I agree completely. If all you want is a theory of the
integers, it is much, much easier to start with Peano's axioms
than to start with set theory. The same is true for almost any
other traditional branch of mathematics. (You usually need
some version of "collection", but you don't need to go beyond
countable infinities, and you don't need sets of sets. For
such purposes, a very simple version of mereology is adequate.)

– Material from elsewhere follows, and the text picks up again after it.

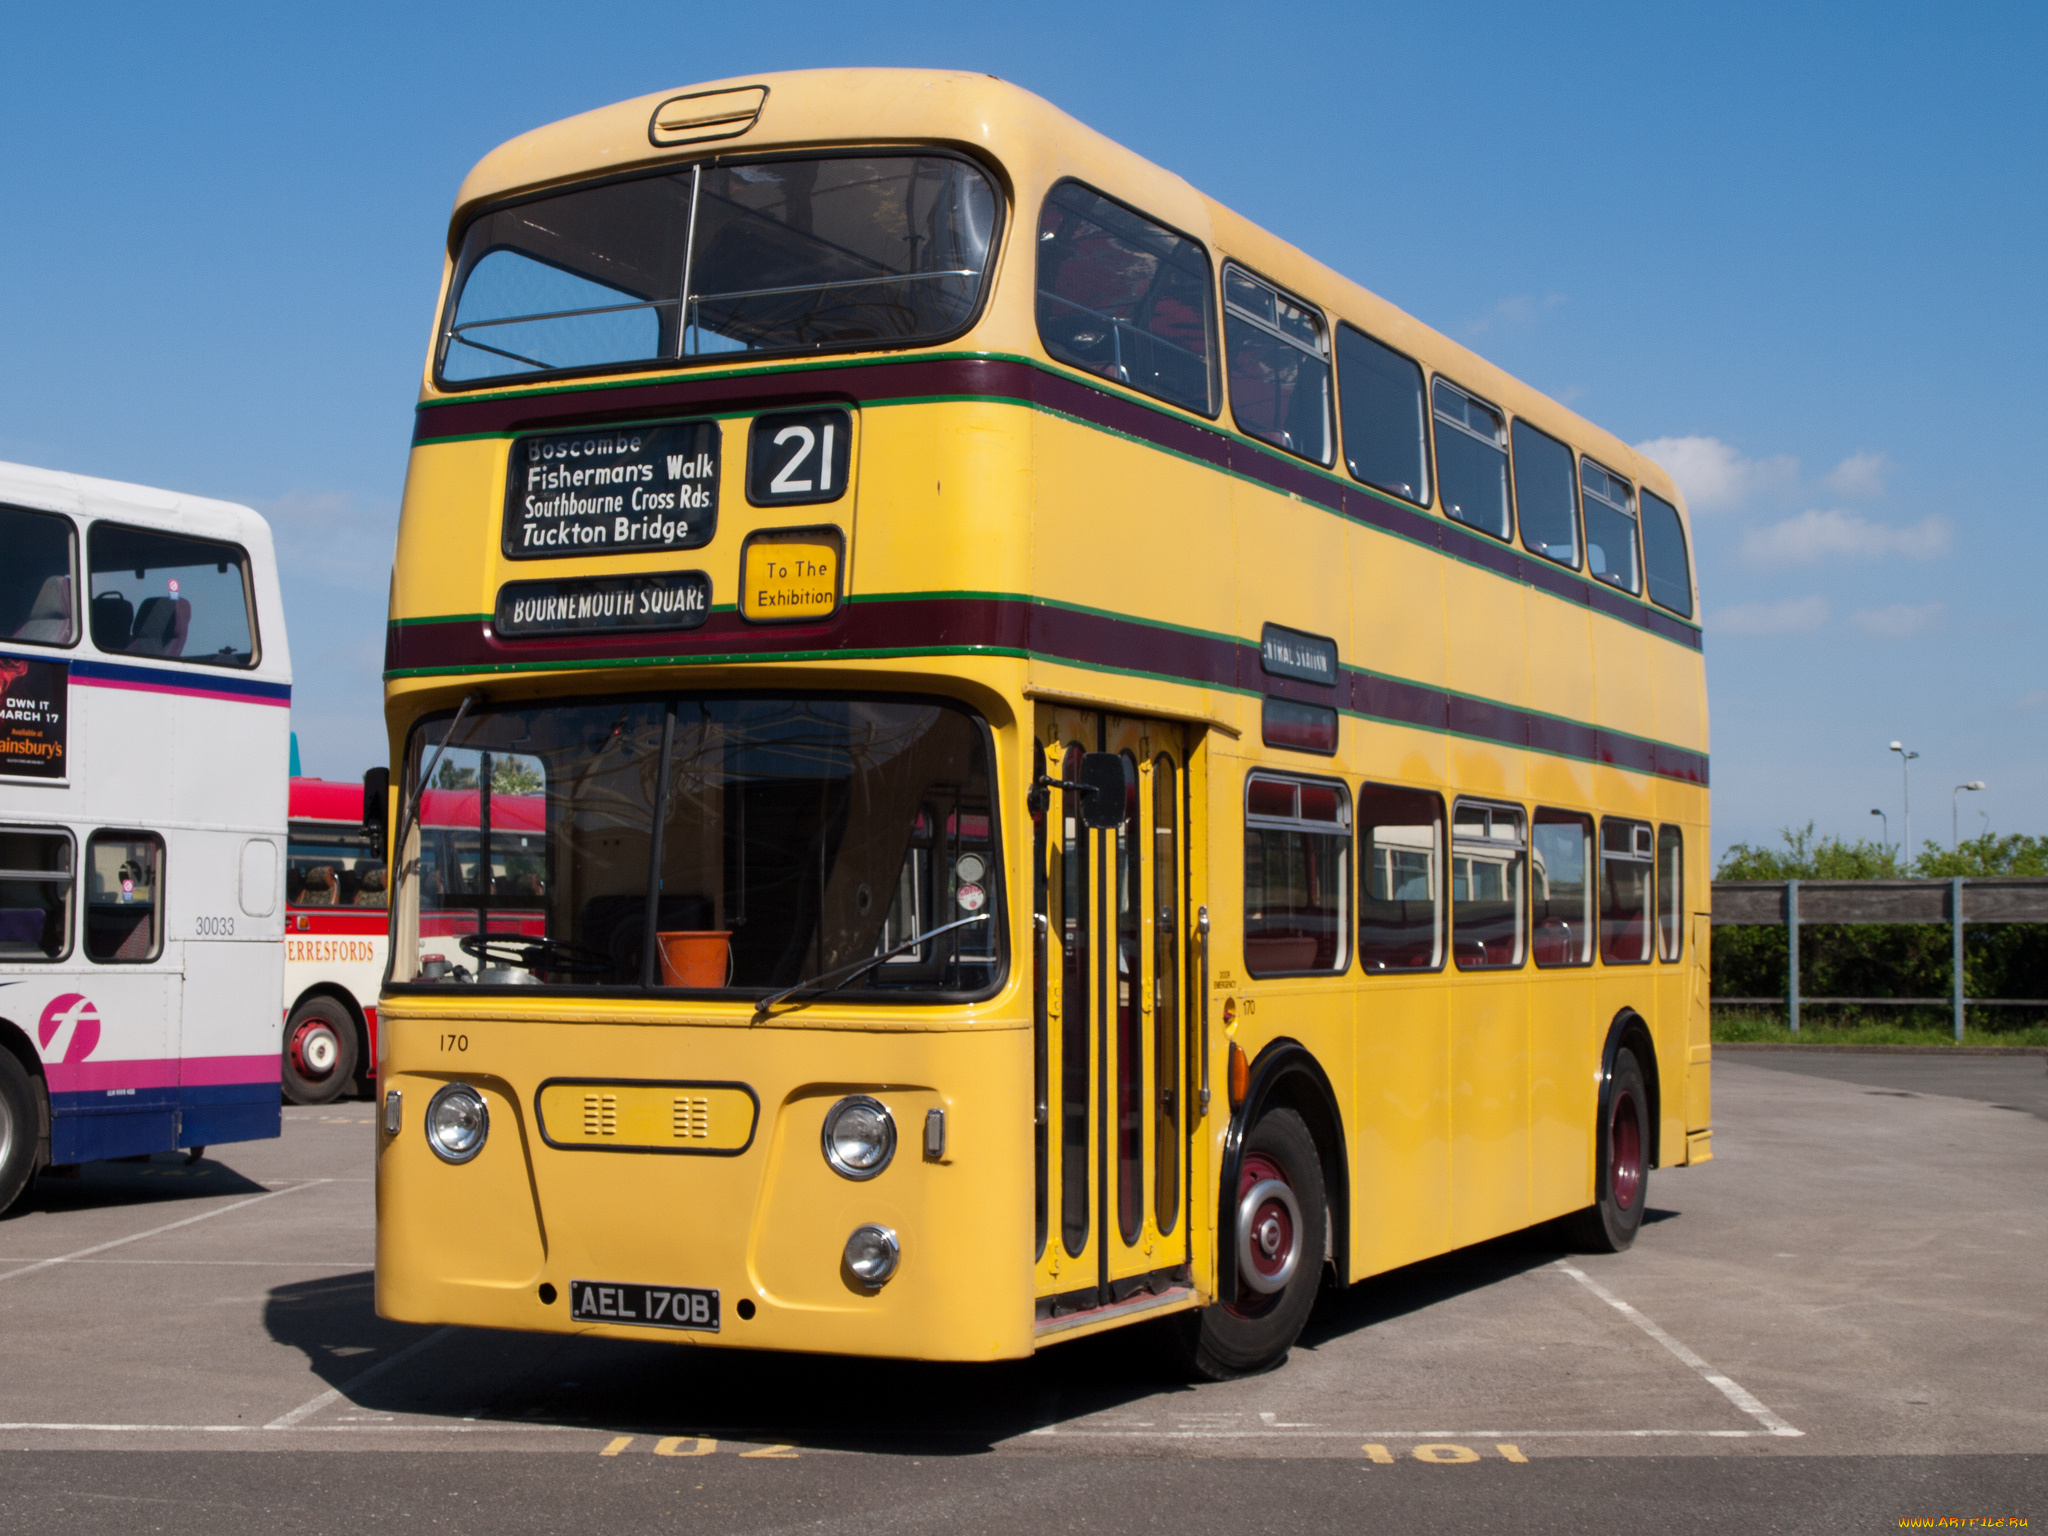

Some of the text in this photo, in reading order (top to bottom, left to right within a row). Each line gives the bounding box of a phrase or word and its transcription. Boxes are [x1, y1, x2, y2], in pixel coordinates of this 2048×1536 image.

For anyone who may be interested in the wild and wooly issues
of the foundations of mathematics and what, if anything, they
might mean, I recommend the papers by Greg Chaitin:
http://www.umcs.maine.edu/~chaitin/
Following is an article about him in the March 2001 issue
of New Scientist:
http://www.newscientist.com/features/features.jsp?id=ns22811
Following are a couple of paragraphs excerpted from the middle
of that article.
John Sowa
_______________________________________________________________
Mathematics has always been considered free of
uncertainty and able to provide a pure foundation
for other, messier fields of science. But maths is
just as messy, Chaitin says: mathematicians are
simply acting on intuition and experimenting with
ideas, just like everyone else. Zoologists think
there might be something new swinging from
branch to branch in the unexplored forests of
Madagascar, and mathematicians have hunches
about which part of the mathematical landscape
to explore. The subject is no more profound than
that.
The reason for Chaitin's provocative statements is
that he has found that the core of mathematics is
riddled with holes. Chaitin has shown that there
are an infinite number of mathematical facts but,
for the most part, they are unrelated to each
other and impossible to tie together with unifying
theorems. If mathematicians find any connections
between these facts, they do so by luck. "Most of
mathematics is true for no particular reason,"
Chaitin says. "Maths is true by accident."